>>

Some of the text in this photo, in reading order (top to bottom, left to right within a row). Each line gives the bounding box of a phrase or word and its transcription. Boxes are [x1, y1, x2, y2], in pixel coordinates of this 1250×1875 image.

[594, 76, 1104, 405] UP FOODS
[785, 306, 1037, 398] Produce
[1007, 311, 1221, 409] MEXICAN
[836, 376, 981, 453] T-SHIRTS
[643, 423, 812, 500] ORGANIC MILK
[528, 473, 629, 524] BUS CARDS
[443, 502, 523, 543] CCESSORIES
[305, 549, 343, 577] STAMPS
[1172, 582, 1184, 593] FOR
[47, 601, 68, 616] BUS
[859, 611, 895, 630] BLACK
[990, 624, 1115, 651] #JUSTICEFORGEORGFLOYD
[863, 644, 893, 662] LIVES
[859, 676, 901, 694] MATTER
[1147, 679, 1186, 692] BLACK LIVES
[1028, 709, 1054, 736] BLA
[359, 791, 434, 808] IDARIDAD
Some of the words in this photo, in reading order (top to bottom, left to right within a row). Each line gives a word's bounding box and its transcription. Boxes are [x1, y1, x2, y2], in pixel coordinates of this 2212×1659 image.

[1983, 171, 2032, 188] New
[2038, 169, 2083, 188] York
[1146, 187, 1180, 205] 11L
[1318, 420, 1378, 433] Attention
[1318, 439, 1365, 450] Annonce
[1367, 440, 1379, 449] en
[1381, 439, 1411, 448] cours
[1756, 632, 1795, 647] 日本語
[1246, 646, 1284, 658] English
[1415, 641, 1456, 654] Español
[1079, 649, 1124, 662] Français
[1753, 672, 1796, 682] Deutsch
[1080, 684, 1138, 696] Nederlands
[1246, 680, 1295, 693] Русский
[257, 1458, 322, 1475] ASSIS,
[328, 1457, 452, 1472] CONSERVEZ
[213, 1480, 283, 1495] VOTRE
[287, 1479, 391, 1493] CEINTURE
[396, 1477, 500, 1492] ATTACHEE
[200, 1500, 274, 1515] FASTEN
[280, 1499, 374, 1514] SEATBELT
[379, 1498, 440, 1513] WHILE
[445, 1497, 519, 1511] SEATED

<<

> _Task requirements_
The data above should be reproduced in full, word for word.

> _Answer box_
Some of the text in this photo, in reading order (top to bottom, left to right within a row). Each line gives the bounding box of a phrase or word and its transcription. Boxes are [x1, y1, x2, y2], in pixel coordinates of this 1250×1875 image.

[594, 76, 1104, 405] UP FOODS
[785, 306, 1037, 398] Produce
[1007, 311, 1221, 409] MEXICAN
[836, 376, 981, 453] T-SHIRTS
[643, 423, 812, 500] ORGANIC MILK
[528, 473, 629, 524] BUS CARDS
[443, 502, 523, 543] CCESSORIES
[305, 549, 343, 577] STAMPS
[1172, 582, 1184, 593] FOR
[47, 601, 68, 616] BUS
[859, 611, 895, 630] BLACK
[990, 624, 1115, 651] #JUSTICEFORGEORGFLOYD
[863, 644, 893, 662] LIVES
[859, 676, 901, 694] MATTER
[1147, 679, 1186, 692] BLACK LIVES
[1028, 709, 1054, 736] BLA
[359, 791, 434, 808] IDARIDAD
Some of the words in this photo, in reading order (top to bottom, left to right within a row). Each line gives a word's bounding box and its transcription. Boxes are [x1, y1, x2, y2], in pixel coordinates of this 2212×1659 image.

[1983, 171, 2032, 188] New
[2038, 169, 2083, 188] York
[1146, 187, 1180, 205] 11L
[1318, 420, 1378, 433] Attention
[1318, 439, 1365, 450] Annonce
[1367, 440, 1379, 449] en
[1381, 439, 1411, 448] cours
[1756, 632, 1795, 647] 日本語
[1246, 646, 1284, 658] English
[1415, 641, 1456, 654] Español
[1079, 649, 1124, 662] Français
[1753, 672, 1796, 682] Deutsch
[1080, 684, 1138, 696] Nederlands
[1246, 680, 1295, 693] Русский
[257, 1458, 322, 1475] ASSIS,
[328, 1457, 452, 1472] CONSERVEZ
[213, 1480, 283, 1495] VOTRE
[287, 1479, 391, 1493] CEINTURE
[396, 1477, 500, 1492] ATTACHEE
[200, 1500, 274, 1515] FASTEN
[280, 1499, 374, 1514] SEATBELT
[379, 1498, 440, 1513] WHILE
[445, 1497, 519, 1511] SEATED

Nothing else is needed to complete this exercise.